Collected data
◇ ◇ ◇ ◇ ◇ ◇ ◇
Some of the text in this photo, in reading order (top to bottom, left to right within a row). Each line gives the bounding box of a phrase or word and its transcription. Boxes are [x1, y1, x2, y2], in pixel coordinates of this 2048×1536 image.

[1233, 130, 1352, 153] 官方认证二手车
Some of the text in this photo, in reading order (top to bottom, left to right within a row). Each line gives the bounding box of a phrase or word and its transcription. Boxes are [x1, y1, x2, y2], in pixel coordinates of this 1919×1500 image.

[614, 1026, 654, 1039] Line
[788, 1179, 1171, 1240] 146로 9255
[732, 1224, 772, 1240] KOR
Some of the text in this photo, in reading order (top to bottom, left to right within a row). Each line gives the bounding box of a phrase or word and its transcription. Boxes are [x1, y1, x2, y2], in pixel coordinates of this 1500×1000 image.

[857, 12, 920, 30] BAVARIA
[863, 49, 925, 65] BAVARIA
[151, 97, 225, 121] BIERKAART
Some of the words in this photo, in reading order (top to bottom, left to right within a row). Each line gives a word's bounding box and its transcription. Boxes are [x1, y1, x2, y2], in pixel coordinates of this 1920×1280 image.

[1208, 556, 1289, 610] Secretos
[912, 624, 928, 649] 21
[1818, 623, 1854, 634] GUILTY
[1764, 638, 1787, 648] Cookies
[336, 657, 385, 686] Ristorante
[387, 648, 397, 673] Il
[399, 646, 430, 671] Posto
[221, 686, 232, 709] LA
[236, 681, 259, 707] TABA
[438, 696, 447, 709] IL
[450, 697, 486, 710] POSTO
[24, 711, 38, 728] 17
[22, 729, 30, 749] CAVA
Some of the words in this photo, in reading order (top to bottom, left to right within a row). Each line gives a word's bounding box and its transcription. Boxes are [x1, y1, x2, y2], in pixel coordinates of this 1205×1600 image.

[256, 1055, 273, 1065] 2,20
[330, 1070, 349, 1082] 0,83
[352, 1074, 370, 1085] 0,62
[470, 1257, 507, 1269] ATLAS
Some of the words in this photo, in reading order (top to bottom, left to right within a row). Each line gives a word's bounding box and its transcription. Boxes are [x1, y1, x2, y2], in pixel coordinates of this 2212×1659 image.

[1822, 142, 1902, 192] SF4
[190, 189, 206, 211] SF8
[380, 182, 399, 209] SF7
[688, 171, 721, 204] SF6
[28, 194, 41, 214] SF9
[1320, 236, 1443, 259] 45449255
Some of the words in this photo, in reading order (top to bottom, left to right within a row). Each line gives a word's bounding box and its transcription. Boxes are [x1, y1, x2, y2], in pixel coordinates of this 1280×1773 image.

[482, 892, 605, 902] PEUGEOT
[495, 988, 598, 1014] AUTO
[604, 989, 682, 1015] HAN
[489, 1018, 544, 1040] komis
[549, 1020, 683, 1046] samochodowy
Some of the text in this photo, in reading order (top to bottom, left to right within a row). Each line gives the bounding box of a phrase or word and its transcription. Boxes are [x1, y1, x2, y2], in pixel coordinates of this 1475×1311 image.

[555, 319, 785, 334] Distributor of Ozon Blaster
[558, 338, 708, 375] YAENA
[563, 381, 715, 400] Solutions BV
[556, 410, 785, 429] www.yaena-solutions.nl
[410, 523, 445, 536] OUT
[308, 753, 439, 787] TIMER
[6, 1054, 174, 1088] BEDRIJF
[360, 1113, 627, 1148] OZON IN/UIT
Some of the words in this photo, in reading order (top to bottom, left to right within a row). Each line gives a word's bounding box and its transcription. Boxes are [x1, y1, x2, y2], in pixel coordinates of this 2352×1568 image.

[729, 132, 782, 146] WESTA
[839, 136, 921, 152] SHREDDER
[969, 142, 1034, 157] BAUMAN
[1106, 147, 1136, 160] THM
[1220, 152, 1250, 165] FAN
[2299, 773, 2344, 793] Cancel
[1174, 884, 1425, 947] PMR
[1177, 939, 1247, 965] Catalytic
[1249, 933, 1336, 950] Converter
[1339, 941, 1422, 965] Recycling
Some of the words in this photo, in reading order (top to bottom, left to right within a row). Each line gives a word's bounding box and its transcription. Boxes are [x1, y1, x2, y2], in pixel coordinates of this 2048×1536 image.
◇ ◇ ◇ ◇ ◇ ◇ ◇
● Task description
The whole of the data must be given again, exactly as shown.

● Exercise output
Some of the text in this photo, in reading order (top to bottom, left to right within a row). Each line gives the bounding box of a phrase or word and its transcription. Boxes are [x1, y1, x2, y2], in pixel coordinates of this 2048×1536 image.

[1233, 130, 1352, 153] 官方认证二手车
Some of the text in this photo, in reading order (top to bottom, left to right within a row). Each line gives the bounding box of a phrase or word and its transcription. Boxes are [x1, y1, x2, y2], in pixel coordinates of this 1919×1500 image.

[614, 1026, 654, 1039] Line
[788, 1179, 1171, 1240] 146로 9255
[732, 1224, 772, 1240] KOR
Some of the text in this photo, in reading order (top to bottom, left to right within a row). Each line gives the bounding box of a phrase or word and its transcription. Boxes are [x1, y1, x2, y2], in pixel coordinates of this 1500×1000 image.

[857, 12, 920, 30] BAVARIA
[863, 49, 925, 65] BAVARIA
[151, 97, 225, 121] BIERKAART
Some of the words in this photo, in reading order (top to bottom, left to right within a row). Each line gives a word's bounding box and its transcription. Boxes are [x1, y1, x2, y2], in pixel coordinates of this 1920×1280 image.

[1208, 556, 1289, 610] Secretos
[912, 624, 928, 649] 21
[1818, 623, 1854, 634] GUILTY
[1764, 638, 1787, 648] Cookies
[336, 657, 385, 686] Ristorante
[387, 648, 397, 673] Il
[399, 646, 430, 671] Posto
[221, 686, 232, 709] LA
[236, 681, 259, 707] TABA
[438, 696, 447, 709] IL
[450, 697, 486, 710] POSTO
[24, 711, 38, 728] 17
[22, 729, 30, 749] CAVA
Some of the words in this photo, in reading order (top to bottom, left to right within a row). Each line gives a word's bounding box and its transcription. Boxes are [x1, y1, x2, y2], in pixel coordinates of this 1205×1600 image.

[256, 1055, 273, 1065] 2,20
[330, 1070, 349, 1082] 0,83
[352, 1074, 370, 1085] 0,62
[470, 1257, 507, 1269] ATLAS
Some of the words in this photo, in reading order (top to bottom, left to right within a row). Each line gives a word's bounding box and its transcription. Boxes are [x1, y1, x2, y2], in pixel coordinates of this 2212×1659 image.

[1822, 142, 1902, 192] SF4
[190, 189, 206, 211] SF8
[380, 182, 399, 209] SF7
[688, 171, 721, 204] SF6
[28, 194, 41, 214] SF9
[1320, 236, 1443, 259] 45449255
Some of the words in this photo, in reading order (top to bottom, left to right within a row). Each line gives a word's bounding box and its transcription. Boxes are [x1, y1, x2, y2], in pixel coordinates of this 1280×1773 image.

[482, 892, 605, 902] PEUGEOT
[495, 988, 598, 1014] AUTO
[604, 989, 682, 1015] HAN
[489, 1018, 544, 1040] komis
[549, 1020, 683, 1046] samochodowy
Some of the text in this photo, in reading order (top to bottom, left to right within a row). Each line gives the bounding box of a phrase or word and its transcription. Boxes are [x1, y1, x2, y2], in pixel coordinates of this 1475×1311 image.

[555, 319, 785, 334] Distributor of Ozon Blaster
[558, 338, 708, 375] YAENA
[563, 381, 715, 400] Solutions BV
[556, 410, 785, 429] www.yaena-solutions.nl
[410, 523, 445, 536] OUT
[308, 753, 439, 787] TIMER
[6, 1054, 174, 1088] BEDRIJF
[360, 1113, 627, 1148] OZON IN/UIT
Some of the words in this photo, in reading order (top to bottom, left to right within a row). Each line gives a word's bounding box and its transcription. Boxes are [x1, y1, x2, y2], in pixel coordinates of this 2352×1568 image.

[729, 132, 782, 146] WESTA
[839, 136, 921, 152] SHREDDER
[969, 142, 1034, 157] BAUMAN
[1106, 147, 1136, 160] THM
[1220, 152, 1250, 165] FAN
[2299, 773, 2344, 793] Cancel
[1174, 884, 1425, 947] PMR
[1177, 939, 1247, 965] Catalytic
[1249, 933, 1336, 950] Converter
[1339, 941, 1422, 965] Recycling
Some of the words in this photo, in reading order (top to bottom, left to right within a row). Each line gives a word's bounding box and its transcription. Boxes are [x1, y1, x2, y2], in pixel coordinates of this 2048×1536 image.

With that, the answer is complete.